Key Takeaways about Algorithms For Big Data Compsci 229r Lecture 19
- P-stable sketch analysis, Nisan's PRG, ℓp estimation for p
- Low-rank approximation, column-based matrix reconstruction, k-means, compressed sensing.
- External memory model: linked list, matrix multiplication, B-tree, buffered repository tree, sorting.
- Oblivious subspace embeddings, faster iterative regression, sketch-and-solve regression.
- ℓ1/ℓ1 recovery, RIP1, unbalanced expanders, Sequential Sparse Matching Pursuit.

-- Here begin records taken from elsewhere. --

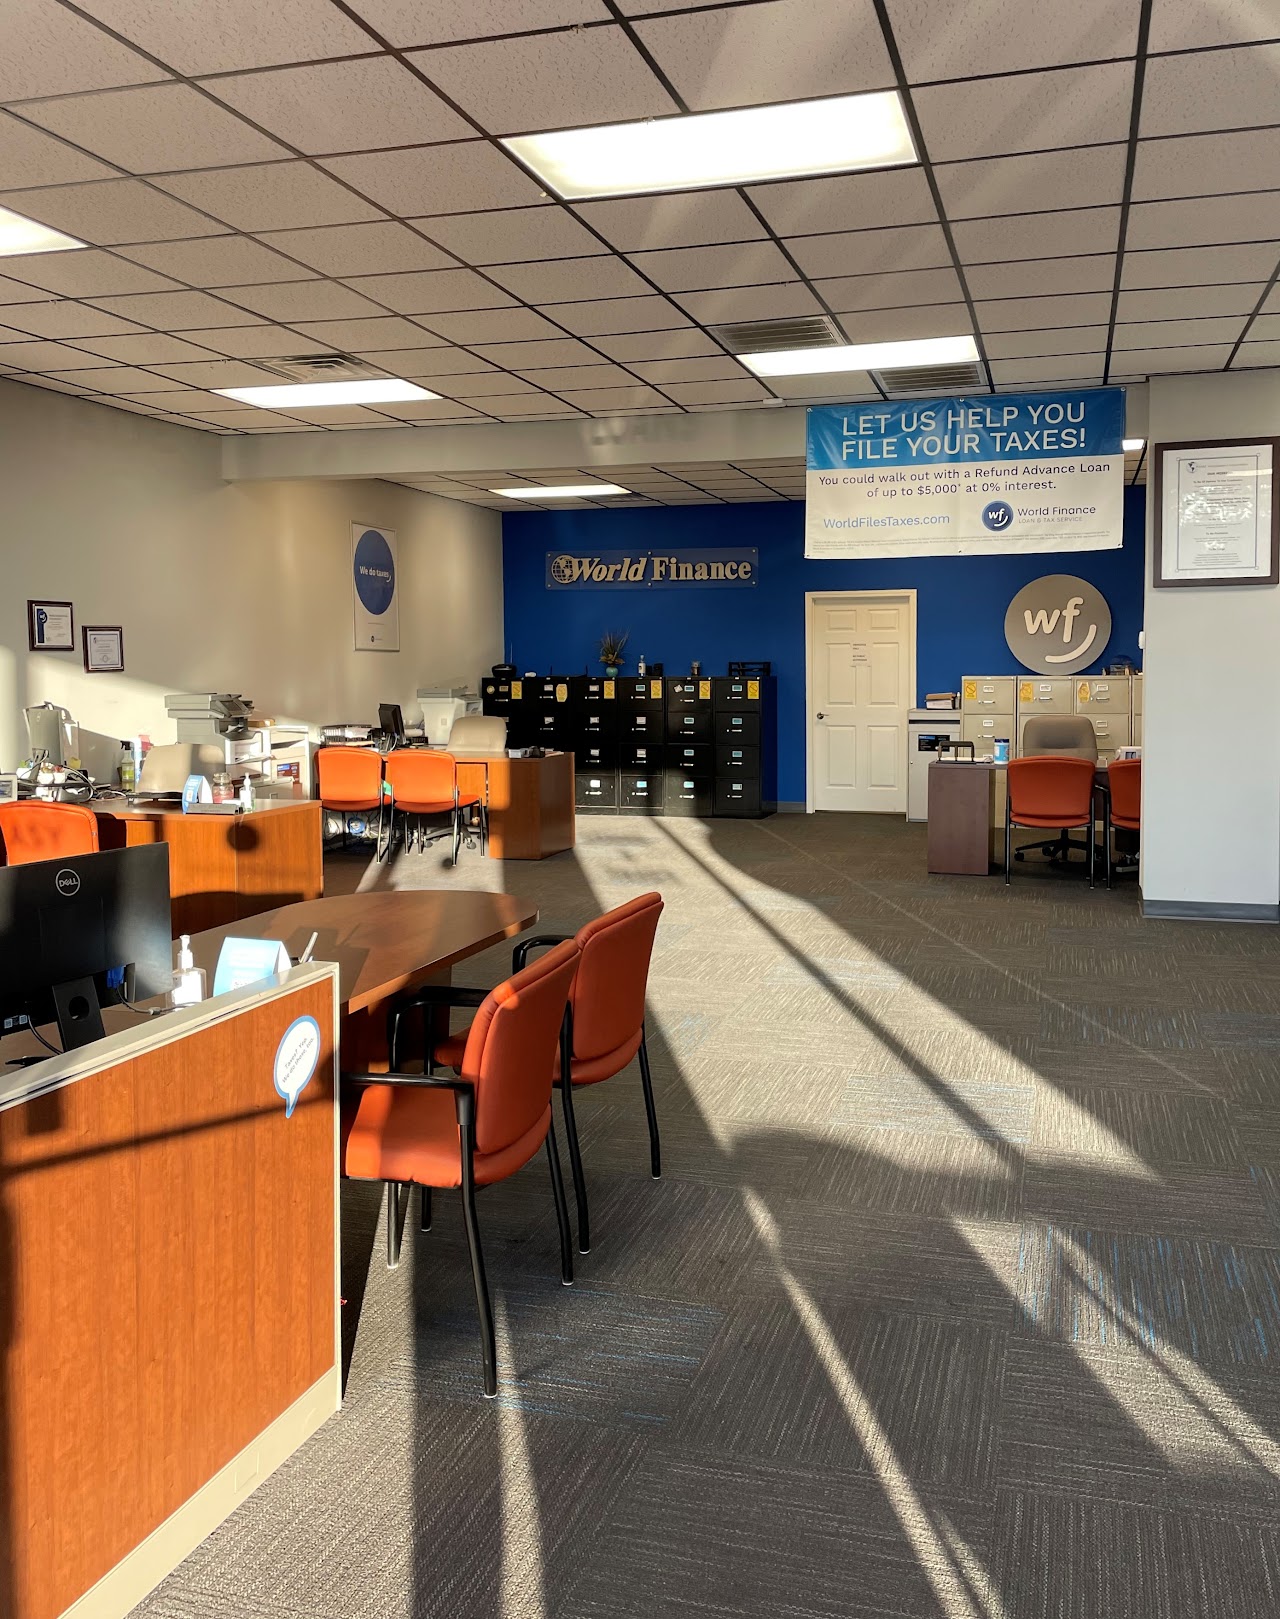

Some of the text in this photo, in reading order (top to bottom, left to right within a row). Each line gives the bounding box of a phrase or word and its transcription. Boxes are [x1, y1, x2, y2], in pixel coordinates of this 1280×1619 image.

[842, 402, 1086, 436] LET US HELP YOU
[842, 428, 1087, 461] FILE YOUR TAXES!
[819, 476, 838, 486] You
[842, 474, 875, 485] could
[878, 472, 907, 483] walk
[910, 471, 930, 481] out
[933, 469, 960, 480] with
[975, 466, 1018, 478] Refund
[1022, 464, 1075, 476] Advance
[1080, 463, 1110, 473] Loan
[867, 487, 879, 497] of
[882, 488, 897, 499] up
[901, 487, 913, 496] to
[966, 484, 977, 493] at
[982, 482, 1000, 492] 0%
[1005, 480, 1057, 491] interest.
[988, 507, 1005, 522] wf
[1017, 505, 1096, 517] World Finance
[823, 514, 950, 529] WorldFilesTaxes.com
[359, 565, 369, 575] We
[369, 567, 376, 576] do
[571, 556, 752, 582] World Finance
[1024, 596, 1084, 643] wf
[59, 878, 78, 887] DELL

Detailed Analysis of Algorithms For Big Data Compsci 229r Lecture 19
Krahmer-Ward proof, Iterative Hard Thresholding. Learning from experts, multiplicative weights. Logistics, course topics, basic tail bounds (Markov, Chebyshev, Chernoff, Bernstein), Morris'
MapReduce: TeraSort, minimum spanning tree, triangle counting.
That wraps up our extensive overview of Algorithms For Big Data Compsci 229r Lecture 19.